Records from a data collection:

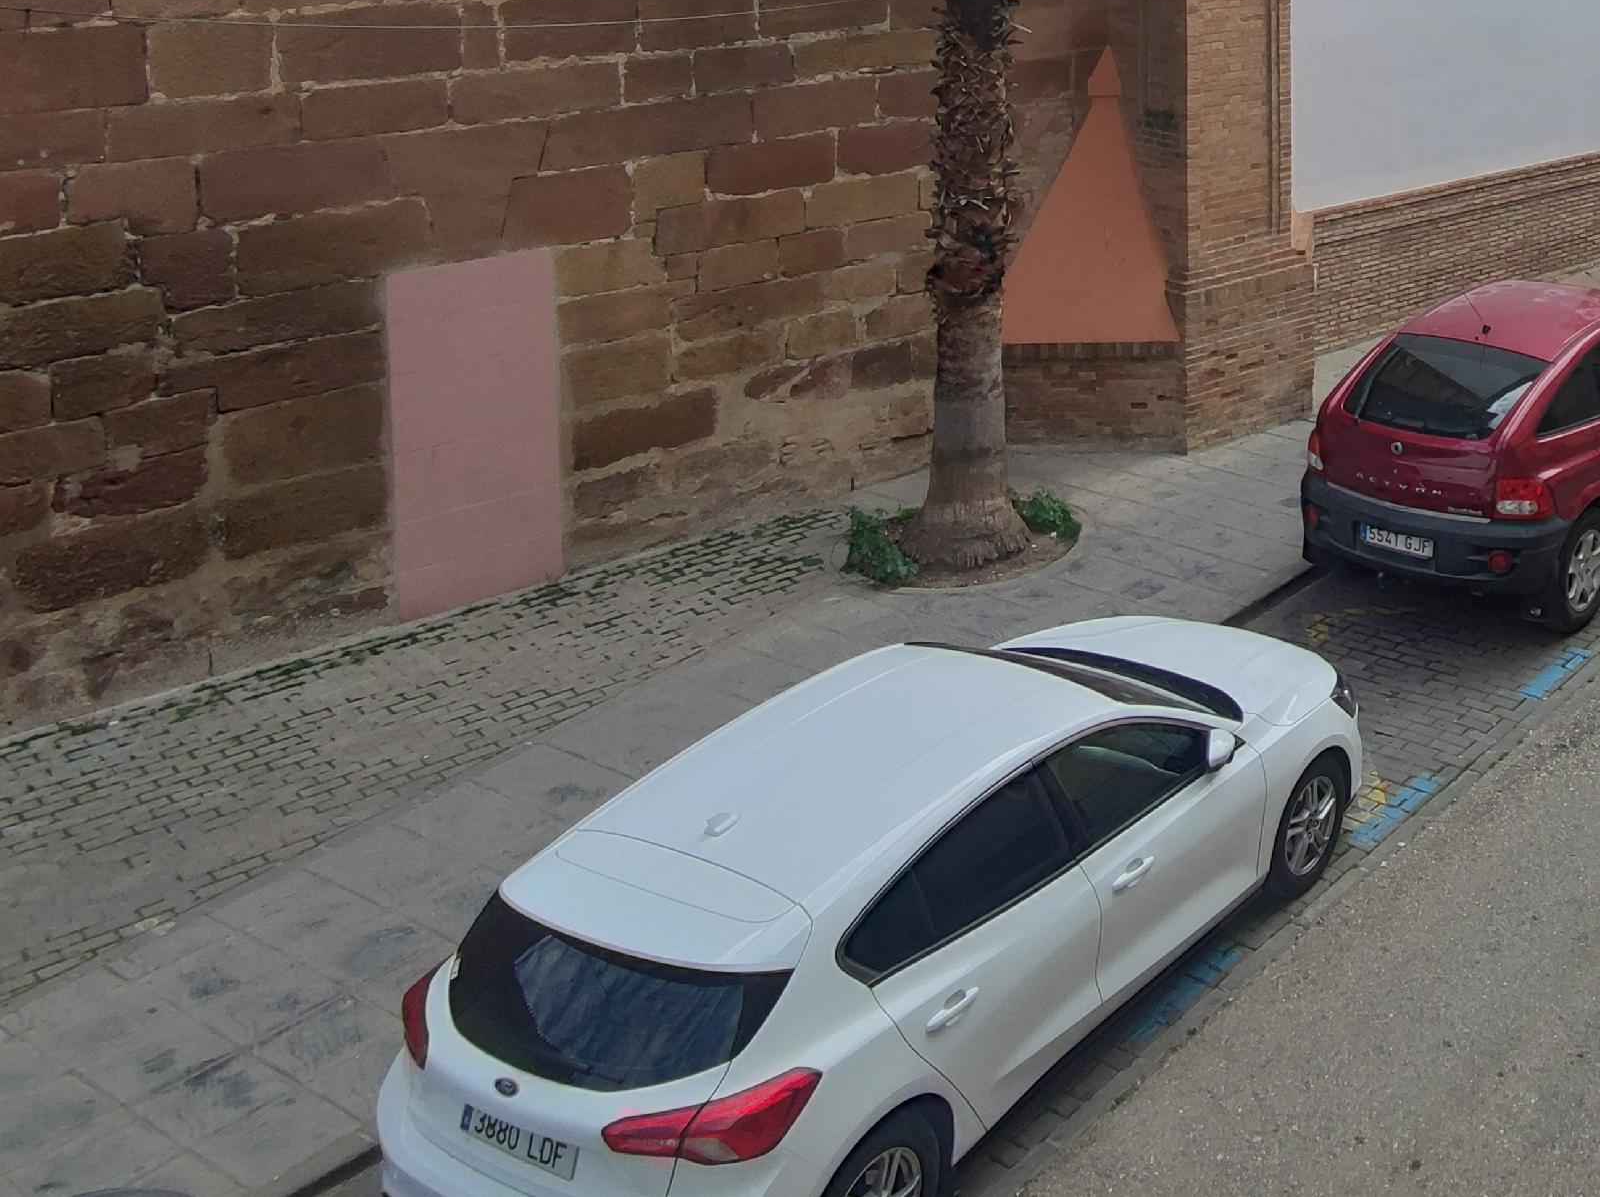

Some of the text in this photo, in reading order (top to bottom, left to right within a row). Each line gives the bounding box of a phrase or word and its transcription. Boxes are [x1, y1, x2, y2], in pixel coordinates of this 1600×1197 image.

[1369, 529, 1430, 554] 5541 GJF
[474, 1113, 567, 1169] 3880 LDF
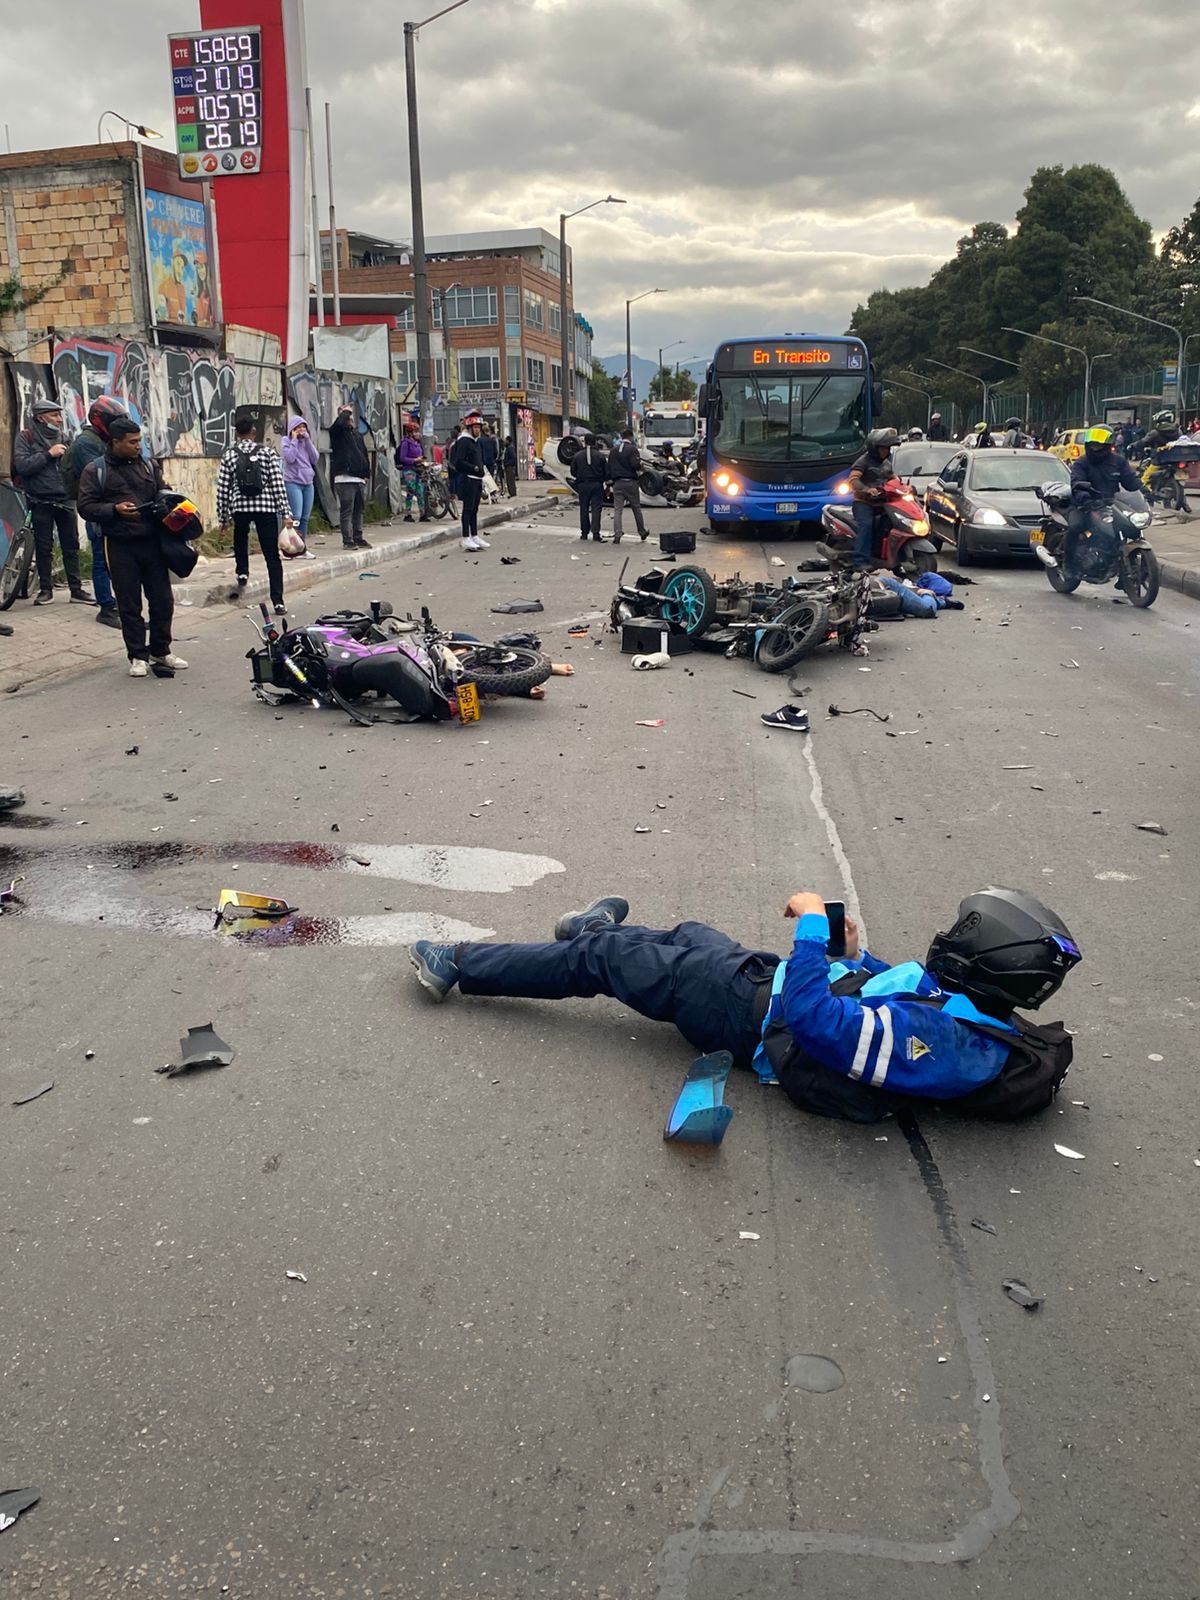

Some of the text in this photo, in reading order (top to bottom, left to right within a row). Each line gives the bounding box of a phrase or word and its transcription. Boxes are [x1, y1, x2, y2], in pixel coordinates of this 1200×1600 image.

[173, 48, 189, 58] CTE
[177, 106, 195, 115] ACPM
[181, 134, 194, 144] GNV
[753, 348, 831, 364] En Transito

Work order: What belongs in the answer is each line above, reproduced exactly, and no picture.

The answer:
Some of the text in this photo, in reading order (top to bottom, left to right within a row). Each line gives the bounding box of a phrase or word and its transcription. Boxes are [x1, y1, x2, y2], in pixel coordinates of this 1600×1197 image.

[1369, 529, 1430, 554] 5541 GJF
[474, 1113, 567, 1169] 3880 LDF

Some of the text in this photo, in reading order (top to bottom, left to right within a row). Each line gives the bounding box of a phrase or word and its transcription. Boxes are [x1, y1, x2, y2], in pixel coordinates of this 1200×1600 image.

[173, 48, 189, 58] CTE
[177, 106, 195, 115] ACPM
[181, 134, 194, 144] GNV
[753, 348, 831, 364] En Transito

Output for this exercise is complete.